→ WHAT YOU NEED TO DO
Set down every record below exactly as it stands, minus the pictures.

→ DATASET CONTENT
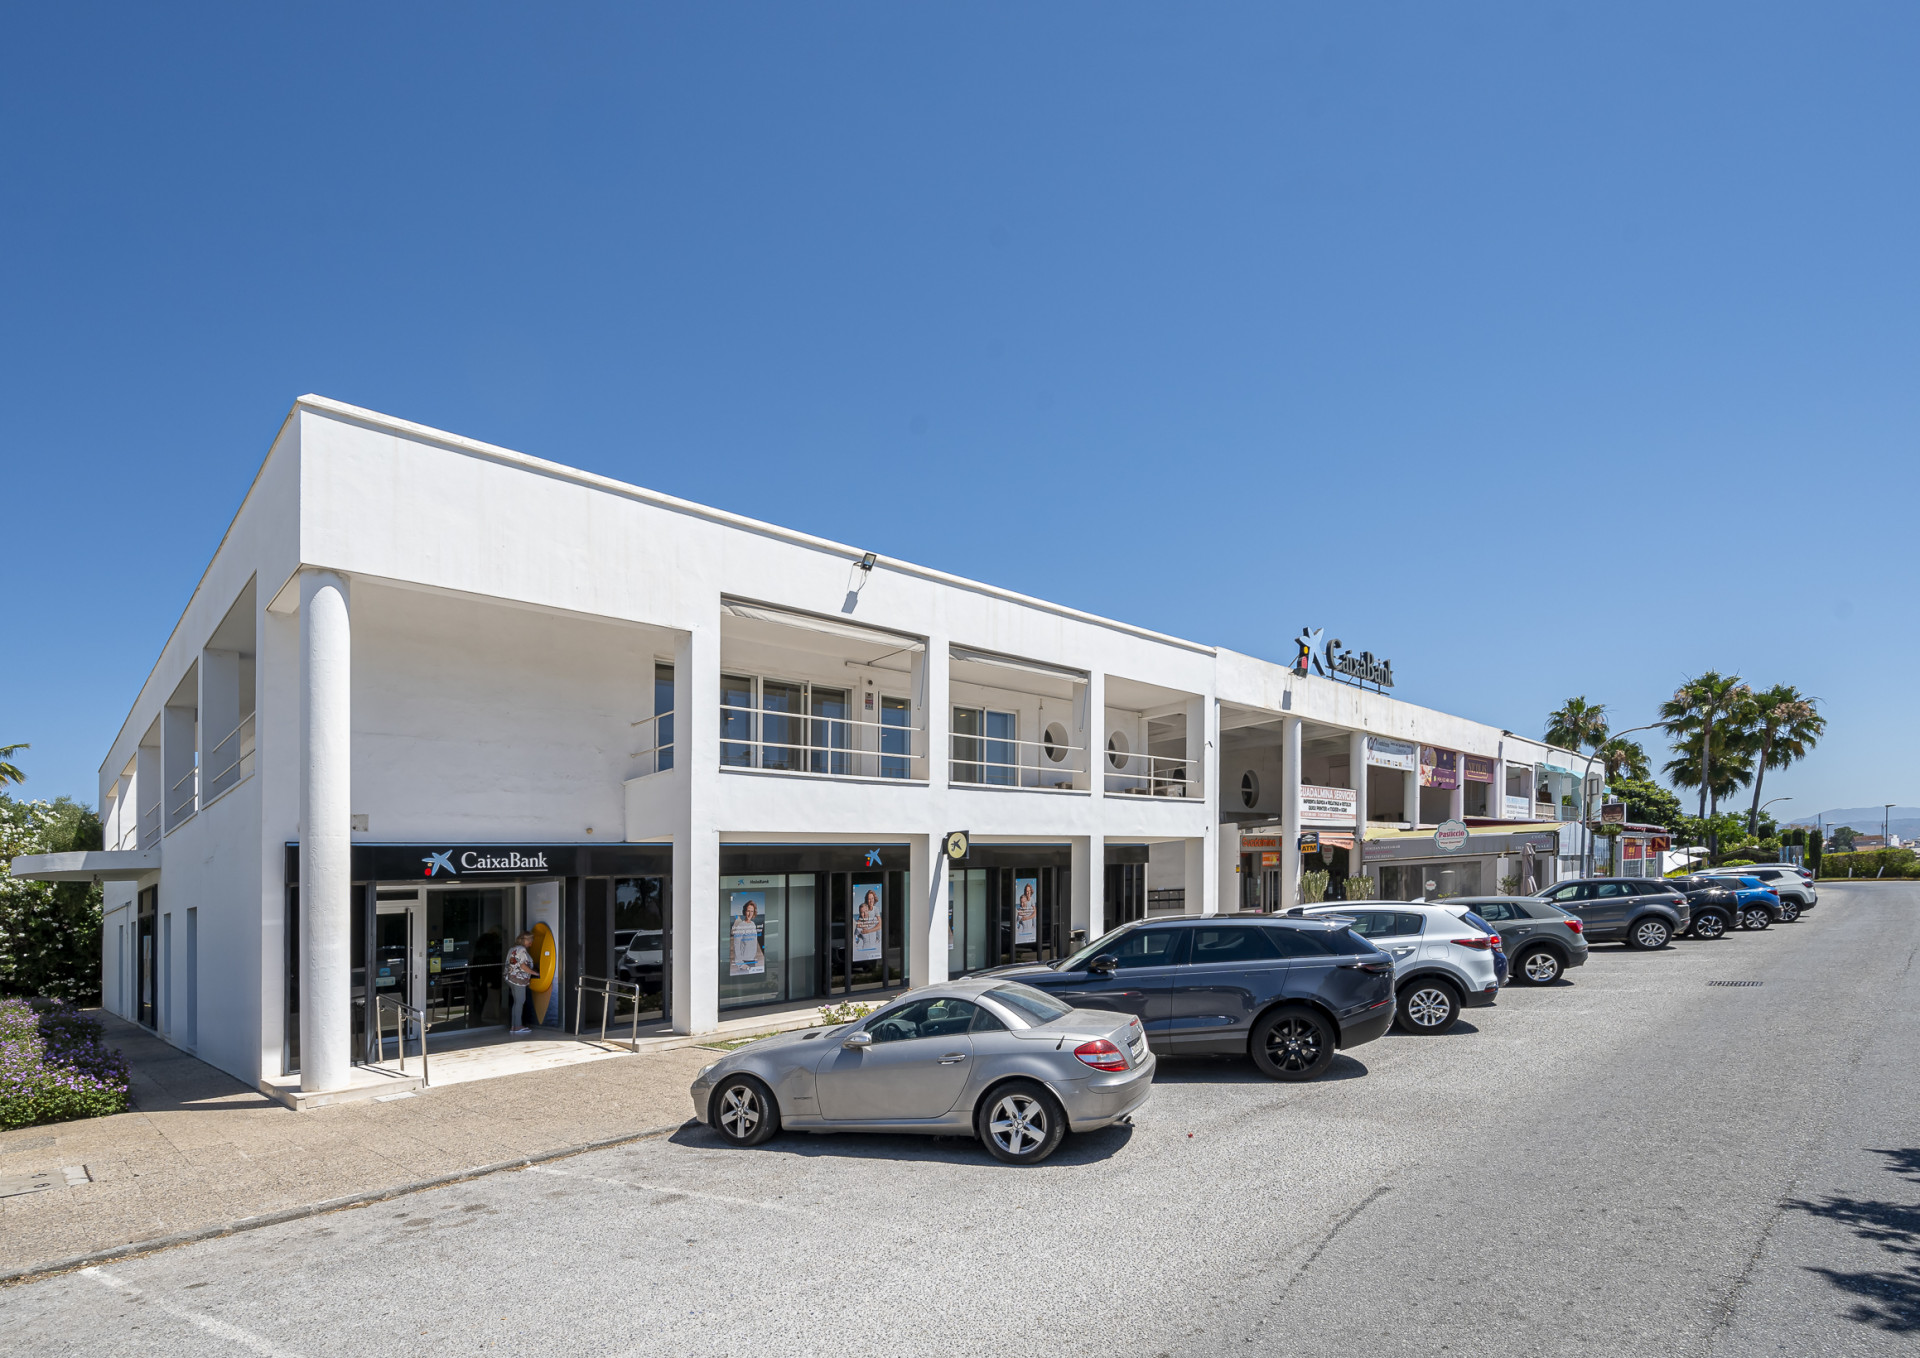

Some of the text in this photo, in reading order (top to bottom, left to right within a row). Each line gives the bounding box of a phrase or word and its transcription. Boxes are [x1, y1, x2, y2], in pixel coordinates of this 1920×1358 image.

[1326, 638, 1394, 687] CaixaBank
[1242, 837, 1276, 848] Guadalmina
[1654, 837, 1667, 849] N
[461, 851, 548, 869] CaixaBank
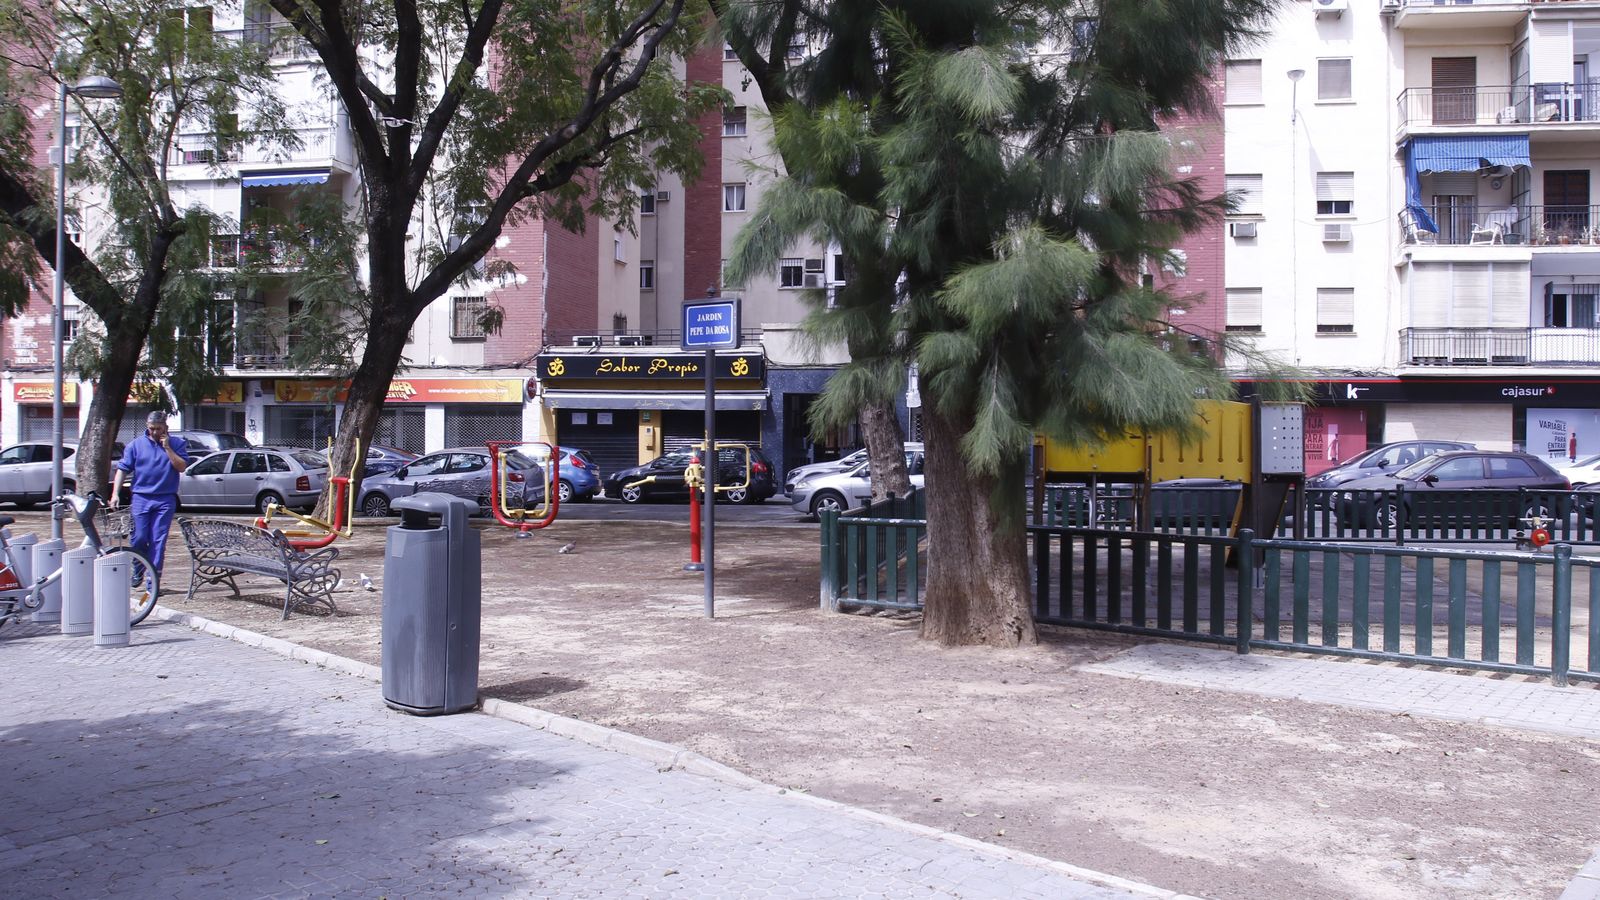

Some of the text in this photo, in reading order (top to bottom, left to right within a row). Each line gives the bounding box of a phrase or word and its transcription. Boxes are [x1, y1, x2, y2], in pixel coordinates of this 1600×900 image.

[697, 313, 723, 322] JARDIN
[690, 325, 730, 336] PEPE DA ROSA
[595, 357, 698, 378] Sabor Propio
[1502, 386, 1544, 398] cajasur
[1539, 420, 1567, 432] VARIABLE
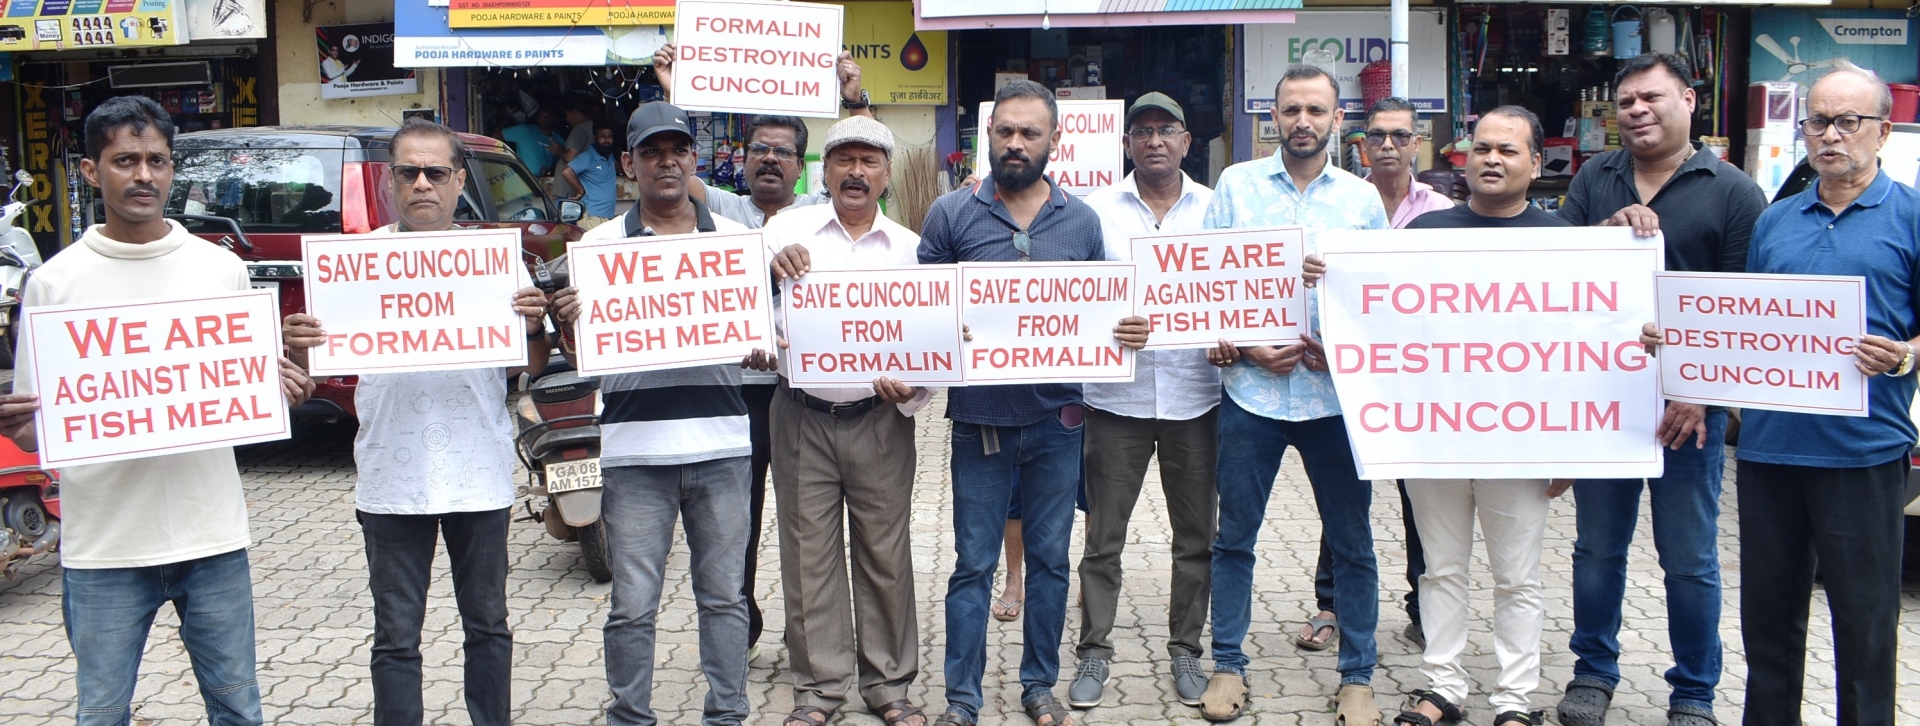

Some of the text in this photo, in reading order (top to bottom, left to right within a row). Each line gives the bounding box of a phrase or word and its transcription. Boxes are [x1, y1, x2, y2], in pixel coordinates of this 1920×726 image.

→ TASK ANSWER
Some of the text in this photo, in reading order (top to bottom, left to right within a row). Each line gives the bounding box of a phrase or word and its transcription. Boxes are [x1, y1, x2, y2], in pixel coordinates of this 1920×1358 image.

[1326, 638, 1394, 687] CaixaBank
[1242, 837, 1276, 848] Guadalmina
[1654, 837, 1667, 849] N
[461, 851, 548, 869] CaixaBank

Some of the text in this photo, in reading order (top to bottom, left to right within a row). Each line gives the bounding box of a phrase or word and its transcription. Boxes are [x1, y1, x2, y2], in pixel coordinates of this 1600×900 image.

[697, 313, 723, 322] JARDIN
[690, 325, 730, 336] PEPE DA ROSA
[595, 357, 698, 378] Sabor Propio
[1502, 386, 1544, 398] cajasur
[1539, 420, 1567, 432] VARIABLE

Some of the text in this photo, in reading order (top to bottom, left to right within a row). Each line gives the bounding box of a phrase or word and its transcription. Boxes are [x1, y1, x2, y2], in pixel coordinates of this 1920×726 image.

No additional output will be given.